# TRY IT
For this exercise, write out the full listing that follows exactly and skip its pictures.

--- STUDY MATERIAL Enclosed Below ---

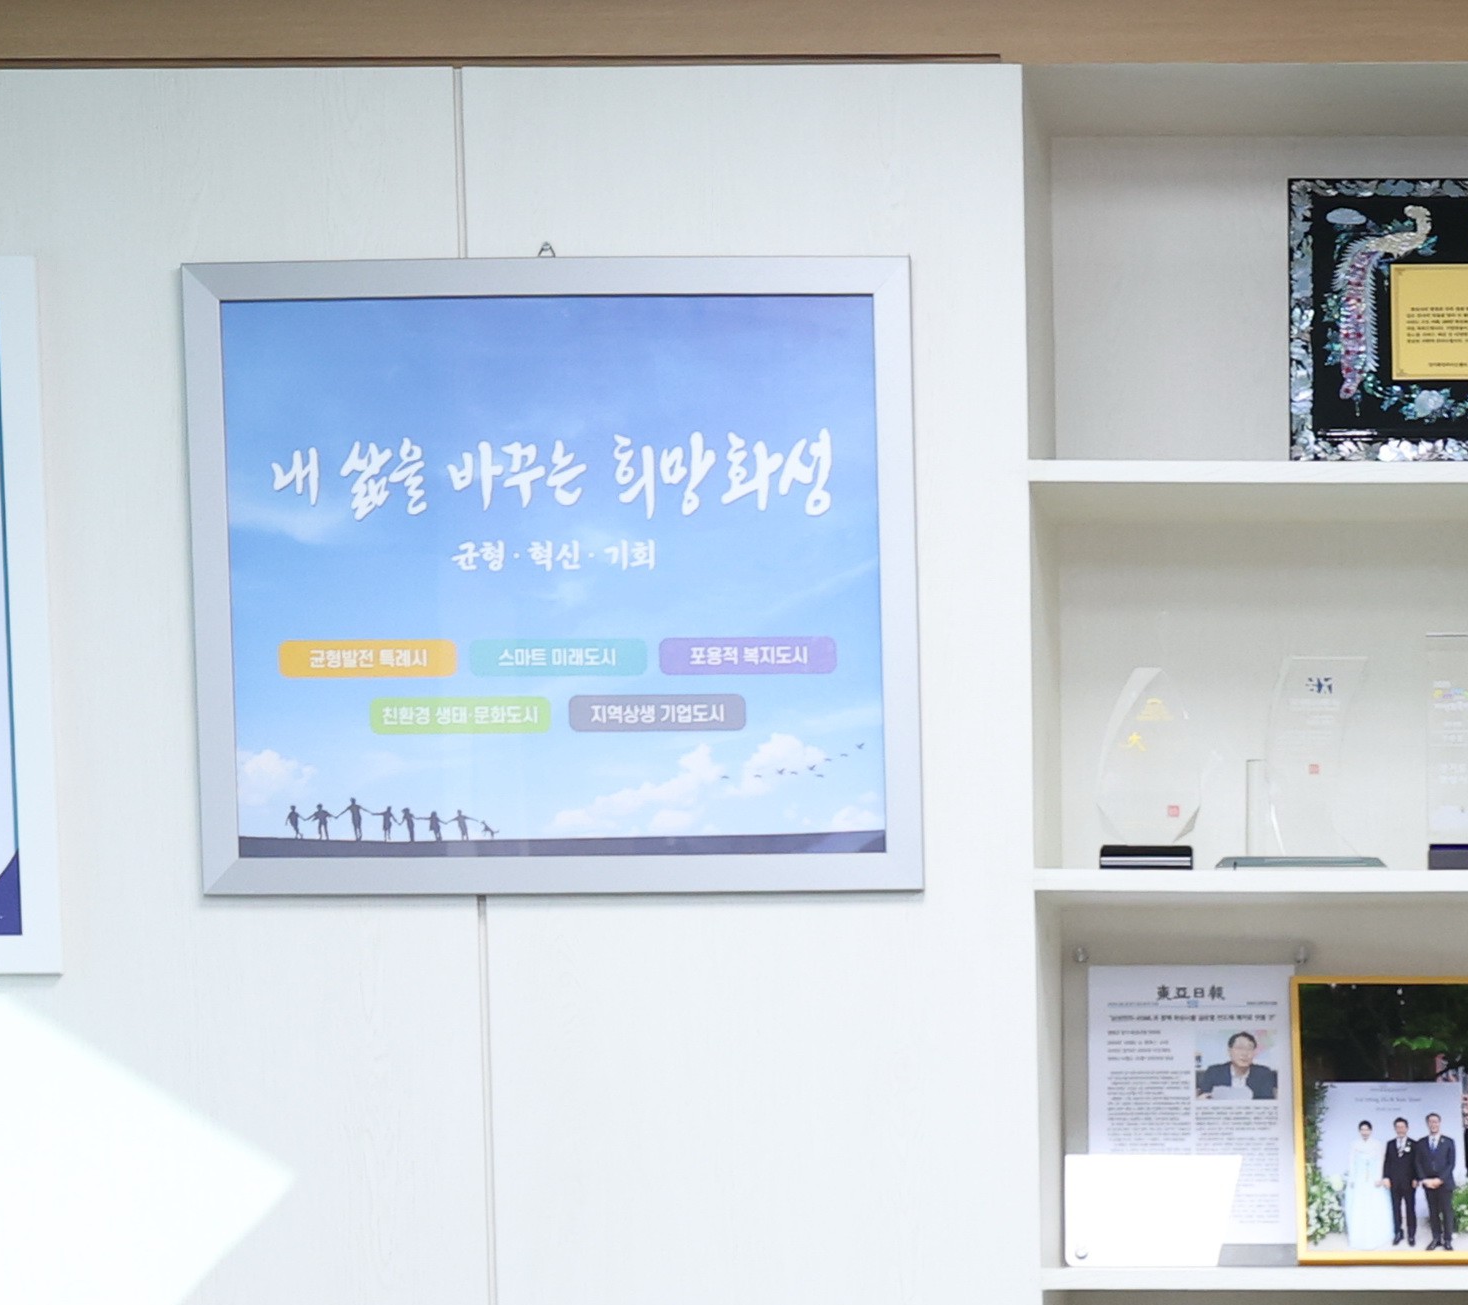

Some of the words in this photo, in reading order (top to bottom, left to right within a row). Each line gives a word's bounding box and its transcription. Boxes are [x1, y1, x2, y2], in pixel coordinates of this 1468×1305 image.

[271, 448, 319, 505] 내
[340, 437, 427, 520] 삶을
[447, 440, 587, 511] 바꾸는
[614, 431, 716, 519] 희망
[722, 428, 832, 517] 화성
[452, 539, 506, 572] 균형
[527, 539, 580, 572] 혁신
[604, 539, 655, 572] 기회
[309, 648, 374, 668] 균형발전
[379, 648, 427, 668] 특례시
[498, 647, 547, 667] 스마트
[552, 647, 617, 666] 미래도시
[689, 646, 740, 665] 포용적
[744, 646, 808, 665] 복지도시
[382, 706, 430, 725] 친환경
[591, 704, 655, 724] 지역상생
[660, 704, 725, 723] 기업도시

--- End of Enclosed STUDY MATERIAL ---

# RESULT
Some of the words in this photo, in reading order (top to bottom, left to right within a row). Each line gives a word's bounding box and its transcription. Boxes are [x1, y1, x2, y2], in pixel coordinates of this 1468×1305 image.

[271, 448, 319, 505] 내
[340, 437, 427, 520] 삶을
[447, 440, 587, 511] 바꾸는
[614, 431, 716, 519] 희망
[722, 428, 832, 517] 화성
[452, 539, 506, 572] 균형
[527, 539, 580, 572] 혁신
[604, 539, 655, 572] 기회
[309, 648, 374, 668] 균형발전
[379, 648, 427, 668] 특례시
[498, 647, 547, 667] 스마트
[552, 647, 617, 666] 미래도시
[689, 646, 740, 665] 포용적
[744, 646, 808, 665] 복지도시
[382, 706, 430, 725] 친환경
[591, 704, 655, 724] 지역상생
[660, 704, 725, 723] 기업도시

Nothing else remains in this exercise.